Latest Research 

Systemic Review 

In their 2018 systematic review of the literature on the health benefits of the great outdoors: A systematic review and meta-analysis of greenspace exposure and health outcomes, Twohig-Bennett and Jones (2018) included 103 observational and 40 interventional studies investigating over 100 health outcomes.  Their results were impressive and will have you reaching for your wellies. The studies demonstrated clearly that increased greenspace exposure was associated with numerous health benefits.


  • Decrease in cortisol (the stress hormone) suggesting a reduction in stress.
  • Decrease in blood pressure
  • Reduction in cholesterol
  • Improvement in heart rate variability
  • Decreased risk of preterm birth
  • Decrease in cardiovascular mortality
  • Increase in reported good health
  • Reduction in incidence of stroke, hypertension, dyslipidaemia, asthma, and coronary heart disease.
  • Good cancer and respiratory related outcomes (reduced mortality) 

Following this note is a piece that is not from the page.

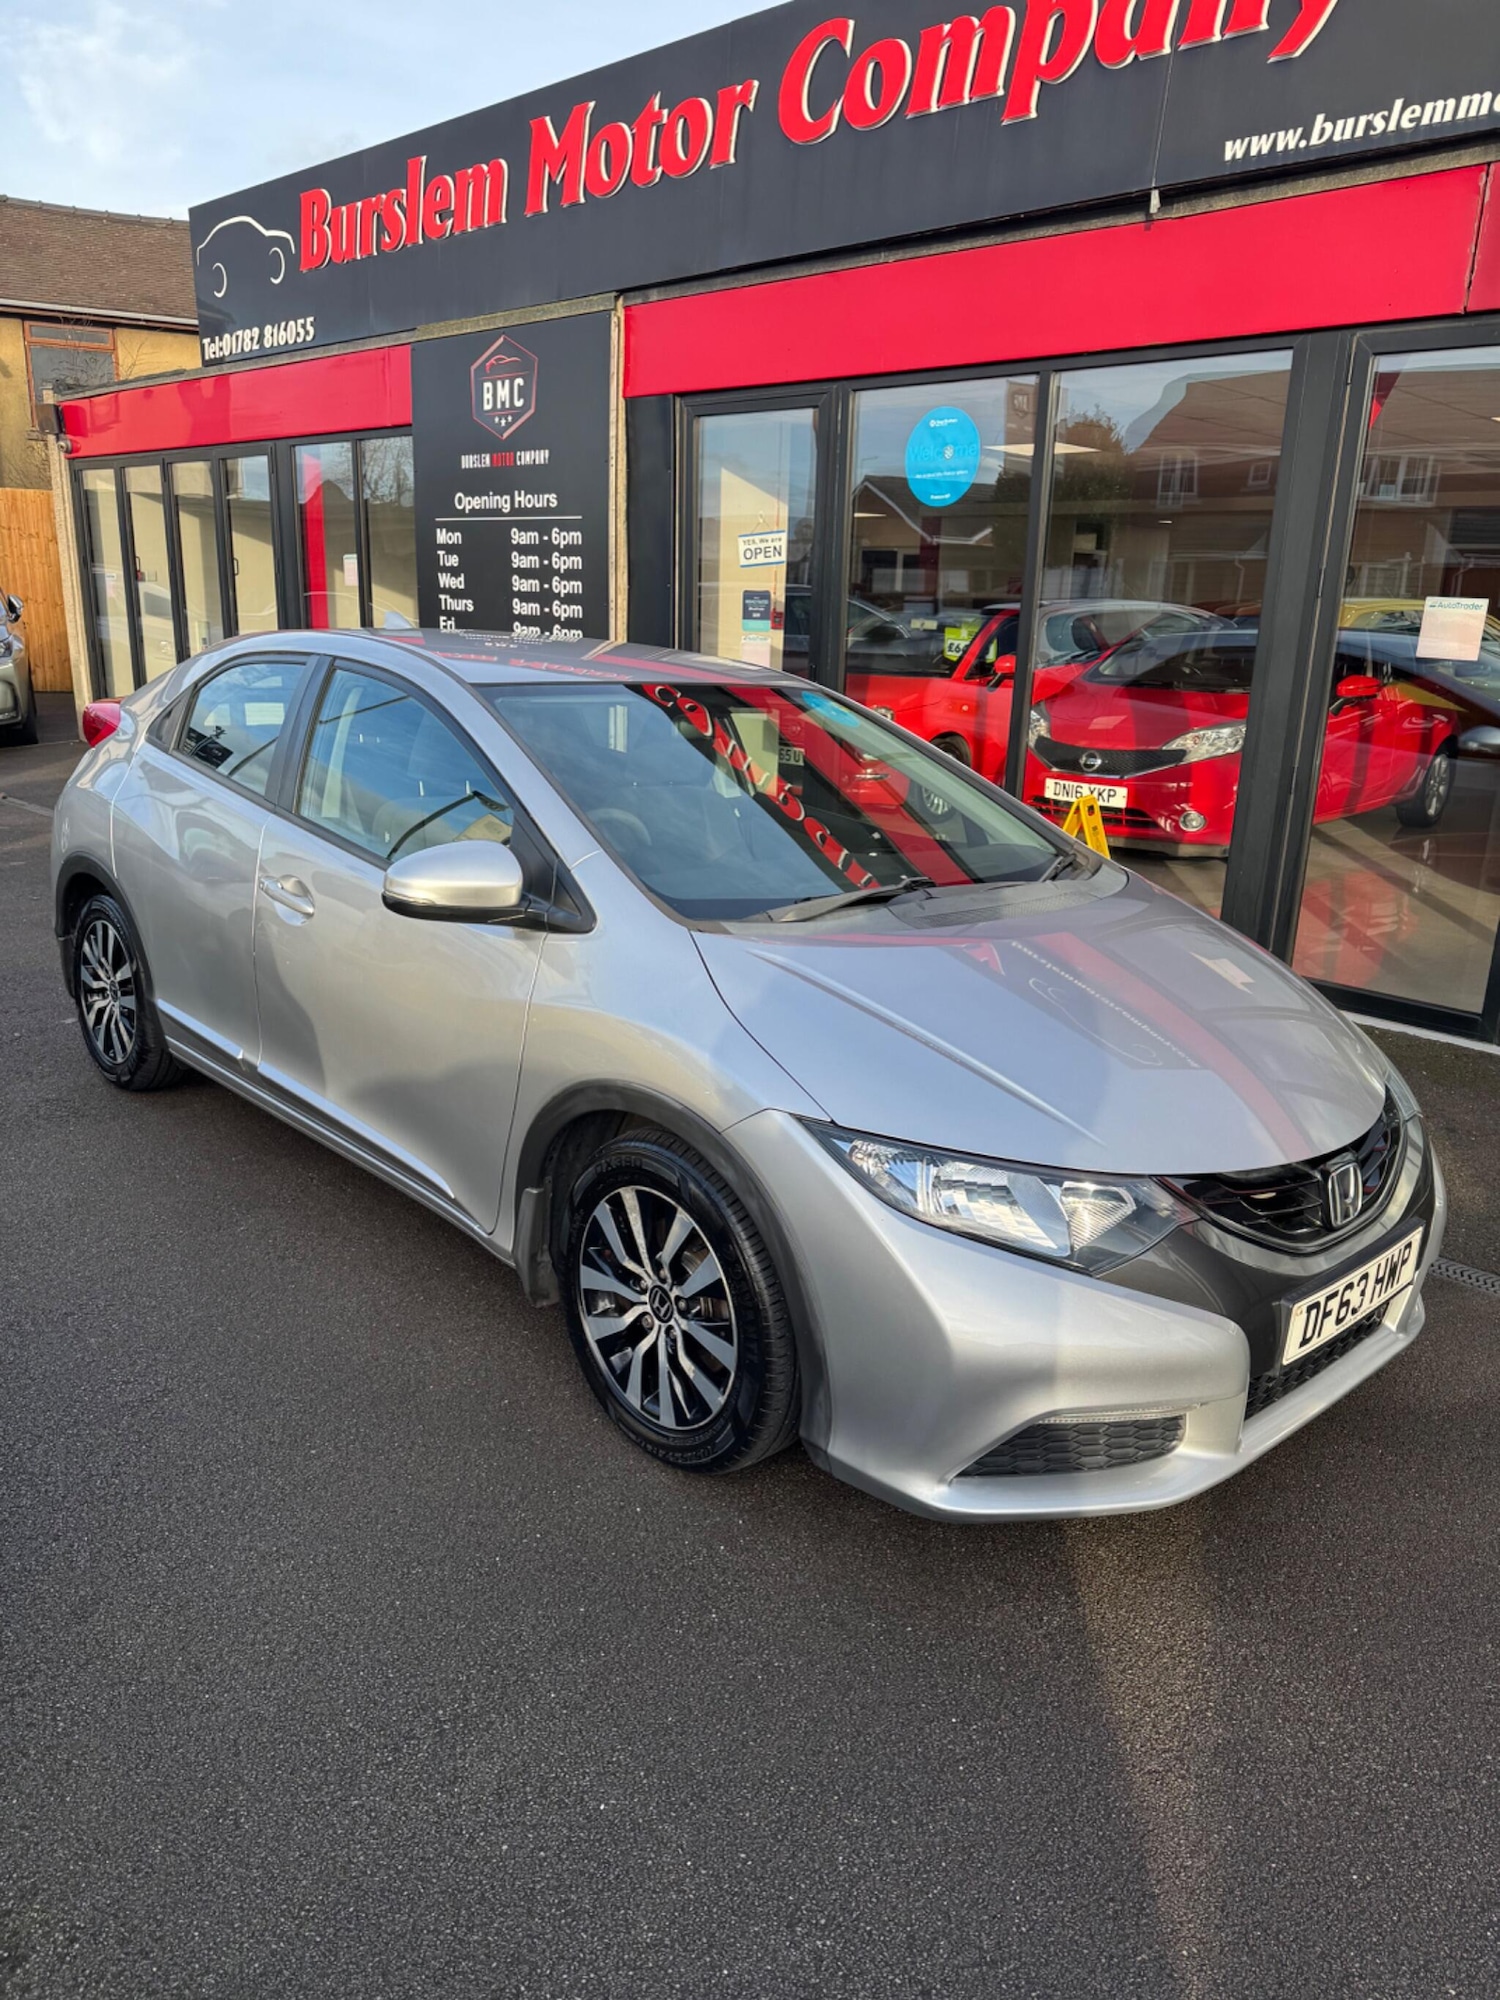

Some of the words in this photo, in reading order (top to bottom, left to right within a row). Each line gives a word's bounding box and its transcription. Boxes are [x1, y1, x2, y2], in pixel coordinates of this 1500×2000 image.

They concluded that  Green prescriptions involving greenspace use may have substantial benefits.

Mental health benefits  

Antonelli et al (2019) conducted a systematic review to investigate the effects of forest bathing on levels of cortisol as a stress biomarker. The review included 22 articles and 8 meta-analysis. They found that in all but two of the included studies, cortisol levels were significantly lower in the participants after intervention in forest groups, when compared with control/comparison groups. 

They concluded that overall, forest bathing can significantly influence cortisol levels on a short term in such a way as to reduce stress.

He et al (2019) also found that after a 2 hour forest bathing program with 128 middle age and elderly participants, their  negative mood scores on “tension-anxiety”, “anger-hostility”, “fatigue-inertia”, “depression-dejection”, and “confusion-bewilderment” were significantly lower, whereas the positive mood score of “vigor-activity” was higher. Furthermore, participants exhibited significantly lower anxiety levels.

These same results were found by Song et al (2014)  in young males, whose heart rate was significantly lower while walking in the urban park than while walking in the city street. Furthermore, the urban park walk led to higher parasympathetic nervous activity and lower sympathetic nervous activity compared with the walk through the city street.  Subjects reported being significantly more ‘comfortable’, ‘natural’, and ‘relaxed’ following the urban park walk. 

After the urban park walk, the score for the ‘vigor’ subscale of the POMS was significantly higher, whereas that for negative feelings such as ‘tension-anxiety’ and ‘fatigue’ was significantly lower. The score for the anxiety dimension of the STAI was also significantly lower after the urban park walk.